Sometimes you spot something a bit left field that makes you wonder about the wider implications and whether trouble is just over the horizon.
Someone recently sent me an advert* for some legal training. It was advertising a course scheduled for later in the year entitled "A Masterclass in UCIS Mis-Selling Claims" and has the obvious aim of assisting solicitors with how to litigate in these matters.
The introduction to the course is as follows
"Following a string of mis-selling scandals, the FCA has now turned its attention to unregulated collective investment schemes (also known as Non-Mainstream Pooled Investments), worth an estimated £2.5billion in the UK. These high risk schemes are often volatile and illiquid and can involve using derivatives to expose clients to exotic assets such as films, fine wines, traded life policies, speculative instruments and property. UCIS fall outside the Financial Services Compensation Scheme, are not authorised by the FCA and are inherently unsuitable for your average man in the street."
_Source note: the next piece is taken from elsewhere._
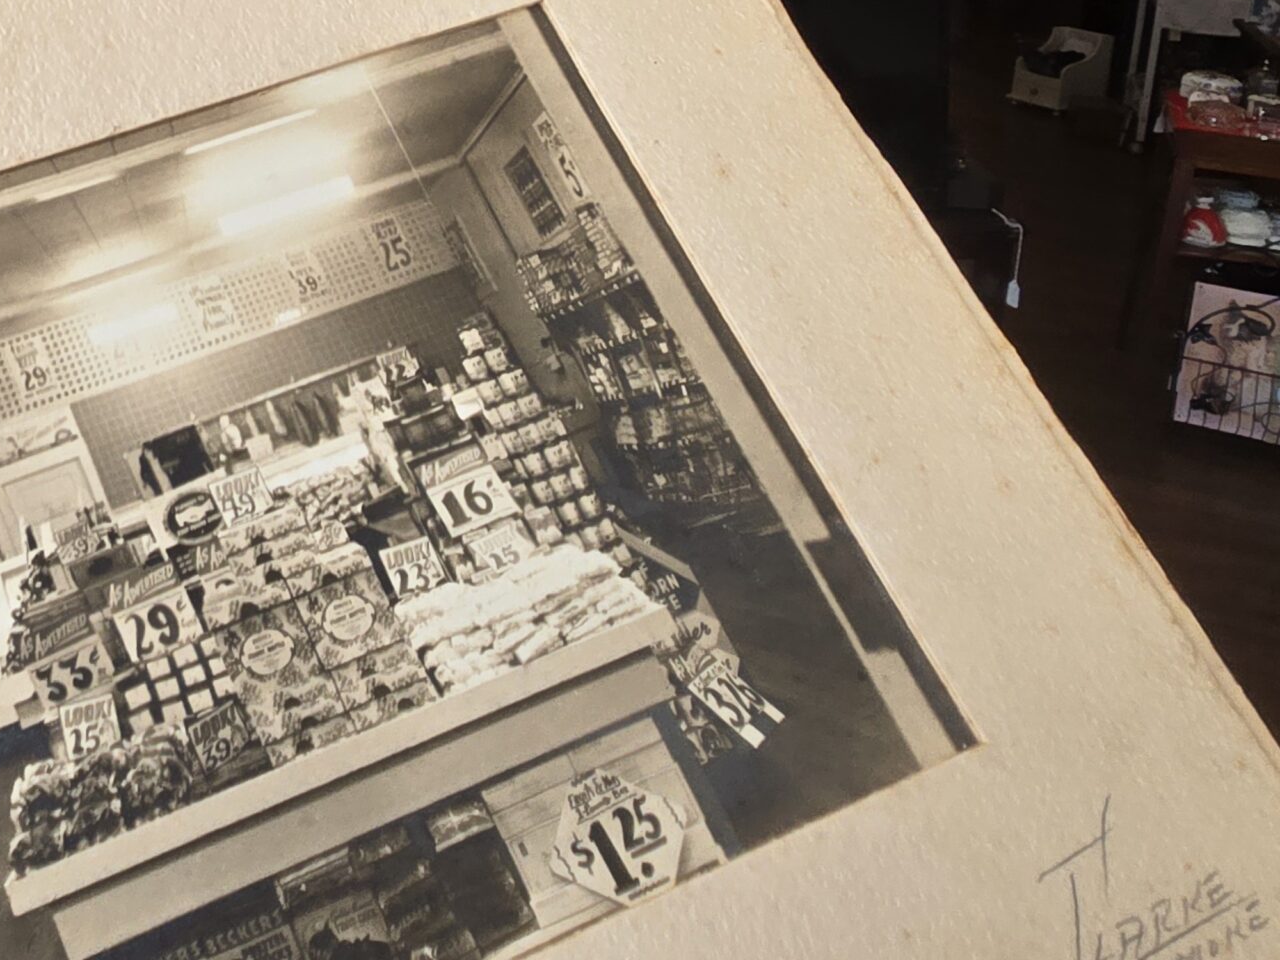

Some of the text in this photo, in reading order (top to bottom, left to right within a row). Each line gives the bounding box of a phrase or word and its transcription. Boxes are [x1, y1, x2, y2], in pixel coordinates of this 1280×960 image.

In the same week there was a headline in one of the main consumer financial magazines "Beware of dodgy Sipp investments" which contained a warning about using unregulated investments and unregulated investment advisers. The example featured was a farmland scheme in Australia promising a guaranteed return of 7% pa.
The connection between the two being that many UCIS holdings are in Sipps.
I am sure we have all been aware of the high profile failures in this area and hardly a week goes by without a further fund being investigated.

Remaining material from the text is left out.